** TASK **
Output all entries precisely and leave out the pictures.

** MATERIAL FOR THIS EXERCISE **

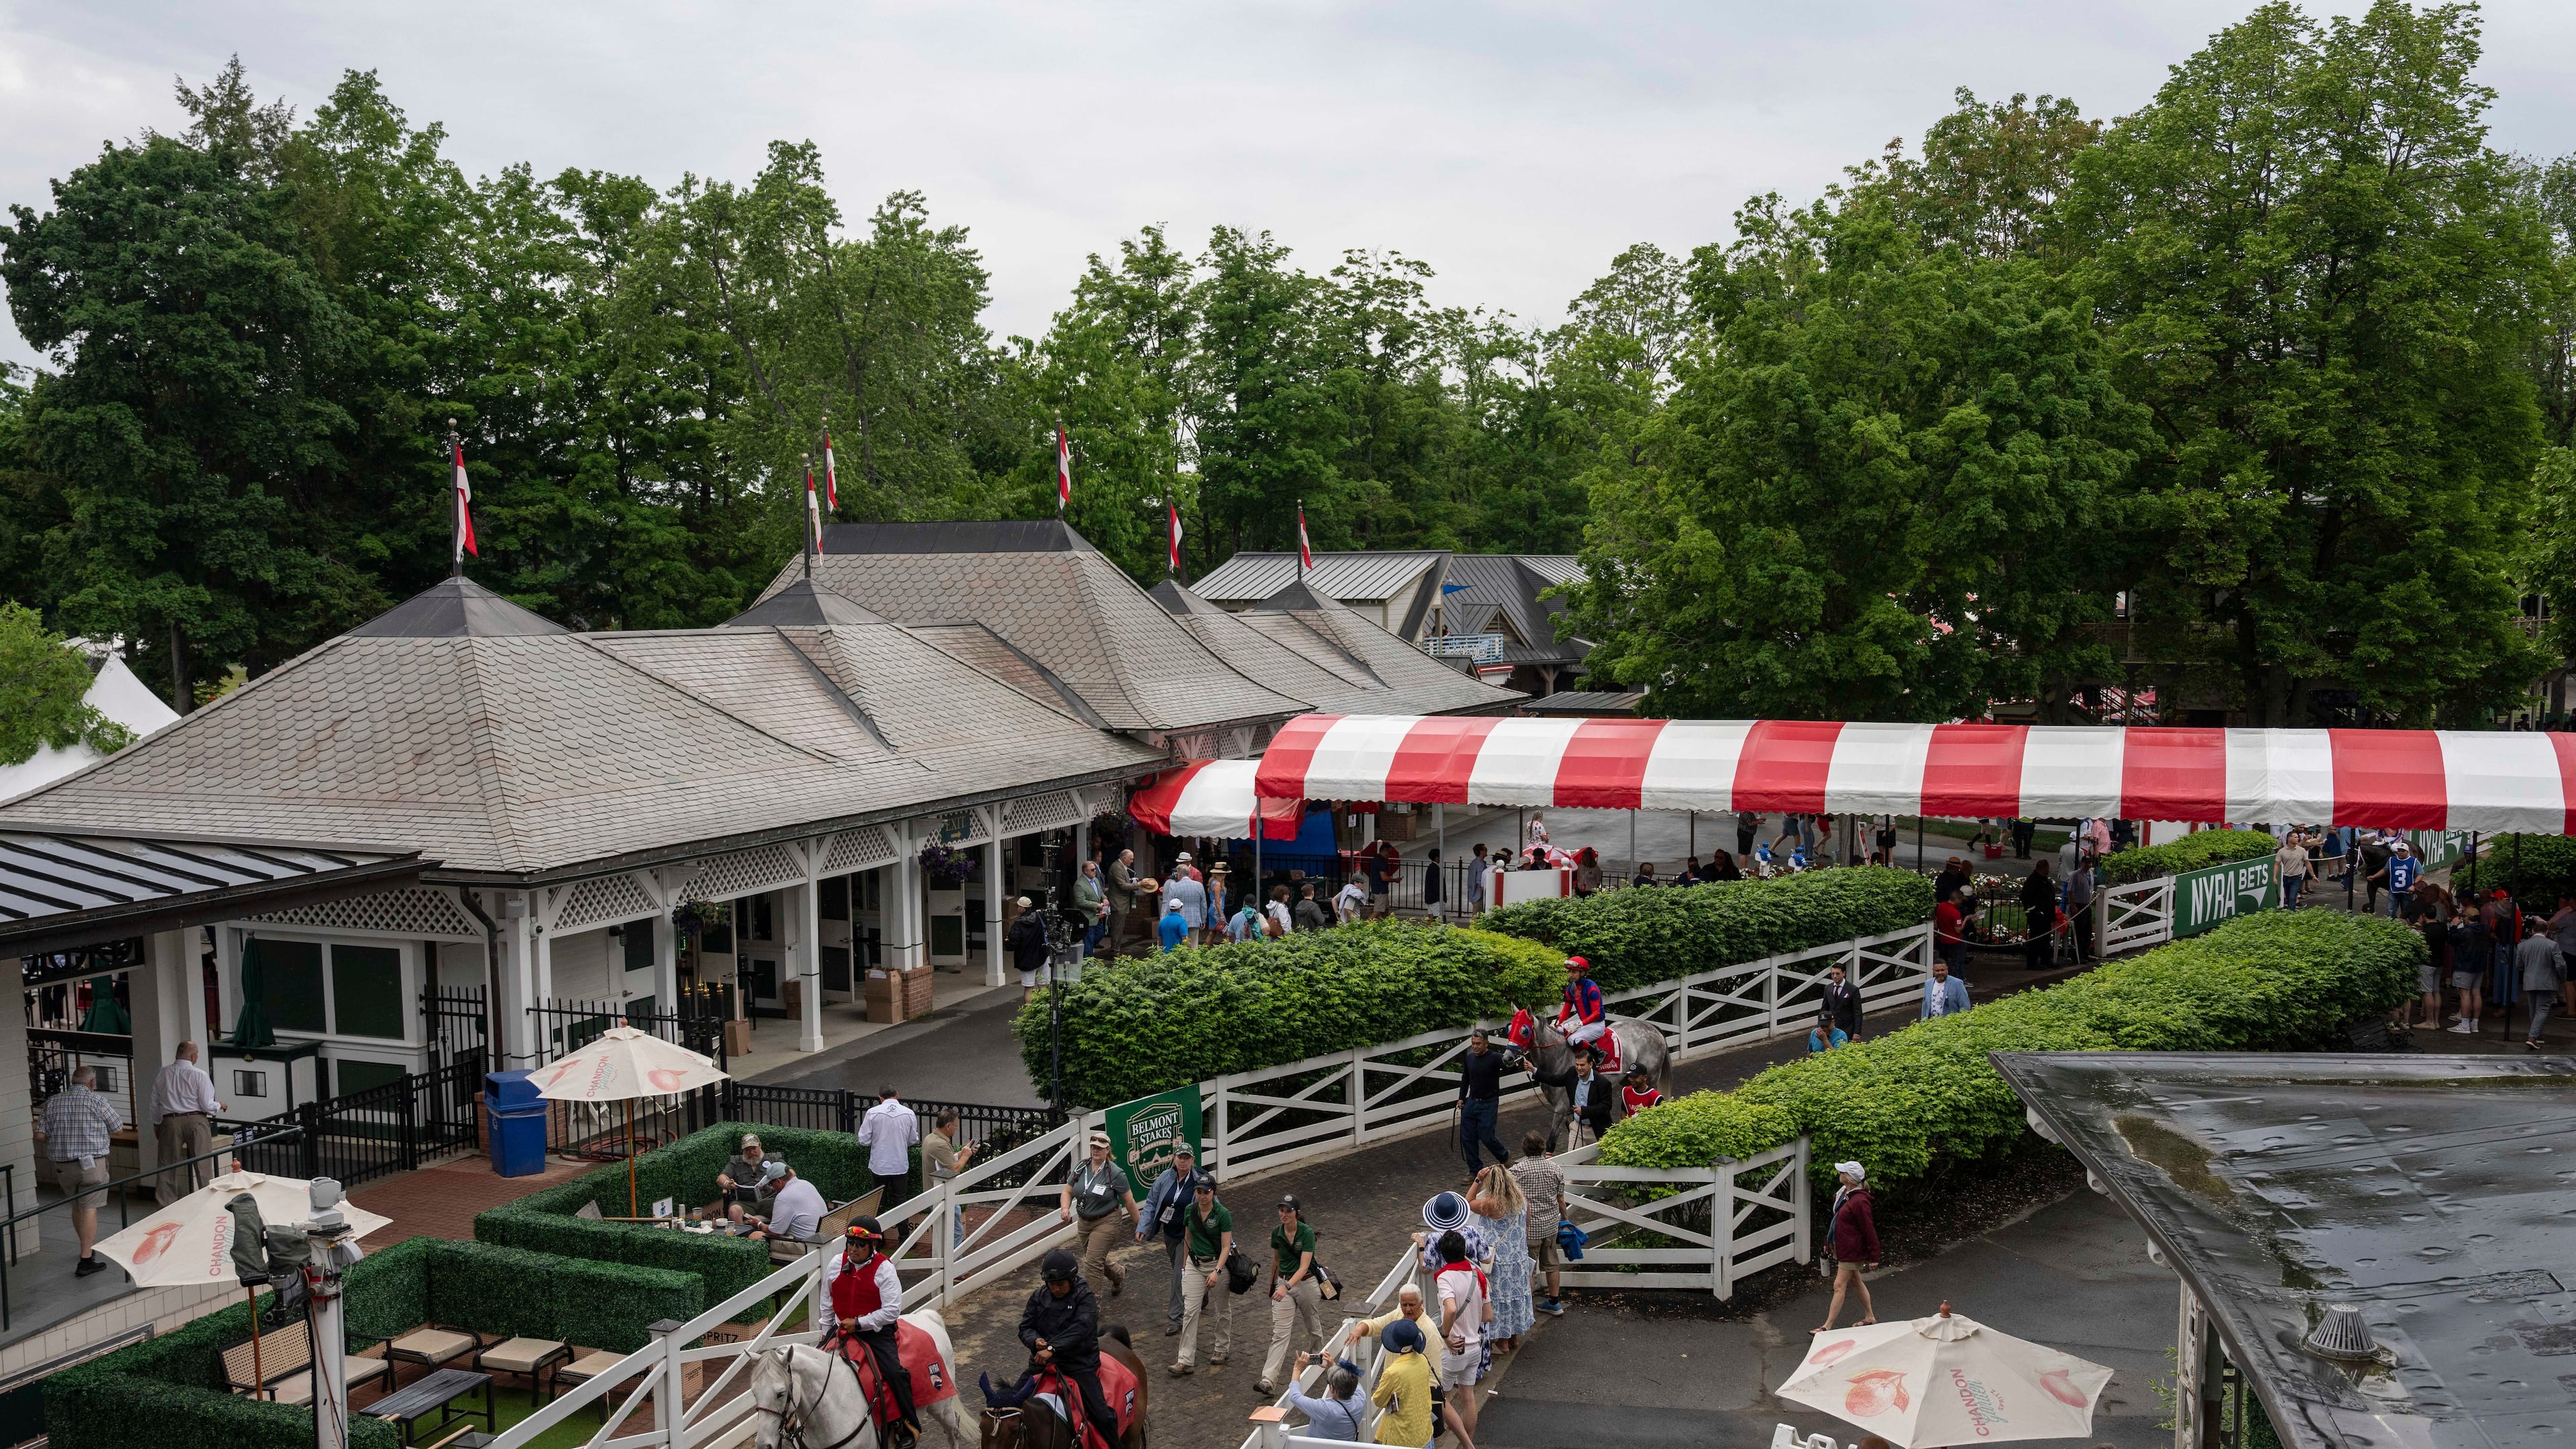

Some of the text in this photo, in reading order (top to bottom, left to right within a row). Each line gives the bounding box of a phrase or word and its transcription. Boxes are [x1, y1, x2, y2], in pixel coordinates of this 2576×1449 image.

[946, 816, 966, 832] EXIT
[2238, 863, 2269, 890] BETS
[2394, 869, 2407, 888] 3
[2190, 871, 2235, 926] NYRA
[1611, 1032, 1620, 1058] 1
[586, 1056, 609, 1097] CHANDON
[1132, 1112, 1179, 1136] BELMONT
[1140, 1126, 1172, 1147] STAKES
[209, 1216, 227, 1277] CHANDON
[928, 1363, 940, 1375] NYRA
[1950, 1368, 1990, 1436] CHANDON
[1990, 1389, 2005, 1411] SPRITZ
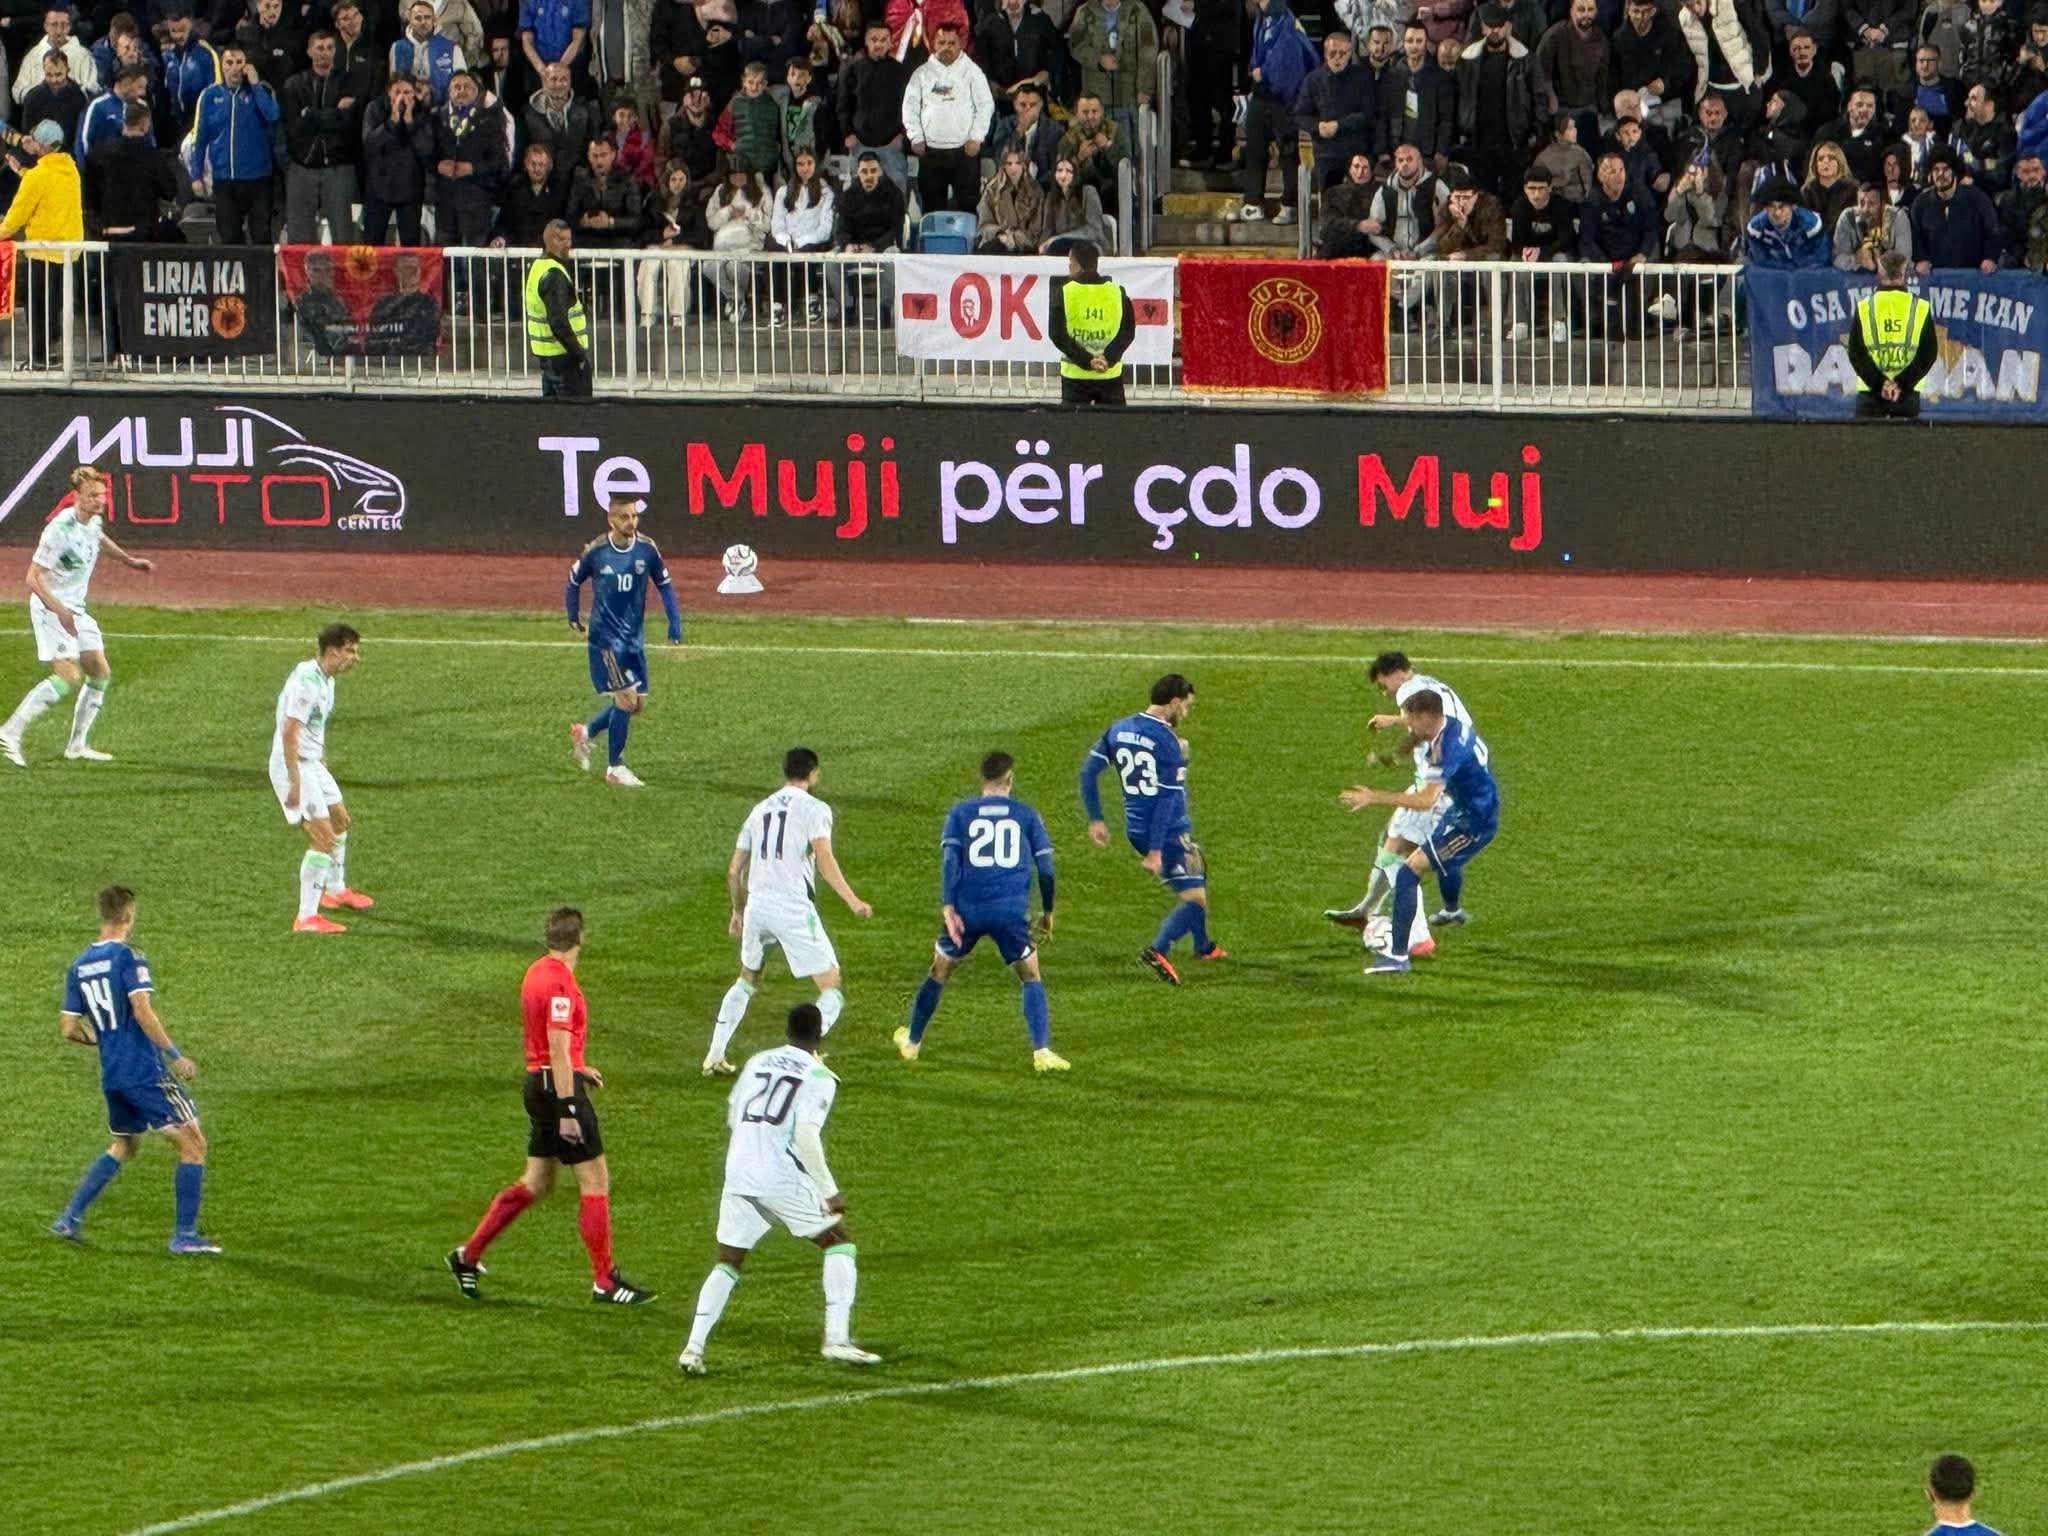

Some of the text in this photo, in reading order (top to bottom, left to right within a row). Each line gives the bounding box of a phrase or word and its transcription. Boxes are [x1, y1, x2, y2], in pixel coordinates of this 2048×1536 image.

[143, 260, 246, 295] LIRIA KA
[143, 297, 209, 337] EMËR
[1085, 307, 1104, 321] 141
[1787, 299, 1807, 329] O
[1811, 289, 1846, 324] SA
[1928, 286, 1969, 321] ME
[1974, 292, 2034, 335] KAN
[1773, 343, 2041, 402] DAAN
[0, 416, 254, 521] MUJI
[538, 433, 1543, 551] Te Muji për çdo Muj
[337, 516, 403, 531] CENTER
[617, 573, 633, 592] 10
[1116, 747, 1158, 796] 23
[761, 810, 787, 860] 11
[968, 818, 1021, 869] 20
[81, 977, 117, 1031] 14
[742, 1072, 803, 1126] 20

** YOUR RESPONSE **
Some of the text in this photo, in reading order (top to bottom, left to right within a row). Each line gives the bounding box of a phrase or word and its transcription. Boxes are [x1, y1, x2, y2], in pixel coordinates of this 2576×1449 image.

[946, 816, 966, 832] EXIT
[2238, 863, 2269, 890] BETS
[2394, 869, 2407, 888] 3
[2190, 871, 2235, 926] NYRA
[1611, 1032, 1620, 1058] 1
[586, 1056, 609, 1097] CHANDON
[1132, 1112, 1179, 1136] BELMONT
[1140, 1126, 1172, 1147] STAKES
[209, 1216, 227, 1277] CHANDON
[928, 1363, 940, 1375] NYRA
[1950, 1368, 1990, 1436] CHANDON
[1990, 1389, 2005, 1411] SPRITZ

Some of the text in this photo, in reading order (top to bottom, left to right within a row). Each line gives the bounding box of a phrase or word and its transcription. Boxes are [x1, y1, x2, y2], in pixel coordinates of this 2048×1536 image.

[143, 260, 246, 295] LIRIA KA
[143, 297, 209, 337] EMËR
[1085, 307, 1104, 321] 141
[1787, 299, 1807, 329] O
[1811, 289, 1846, 324] SA
[1928, 286, 1969, 321] ME
[1974, 292, 2034, 335] KAN
[1773, 343, 2041, 402] DAAN
[0, 416, 254, 521] MUJI
[538, 433, 1543, 551] Te Muji për çdo Muj
[337, 516, 403, 531] CENTER
[617, 573, 633, 592] 10
[1116, 747, 1158, 796] 23
[761, 810, 787, 860] 11
[968, 818, 1021, 869] 20
[81, 977, 117, 1031] 14
[742, 1072, 803, 1126] 20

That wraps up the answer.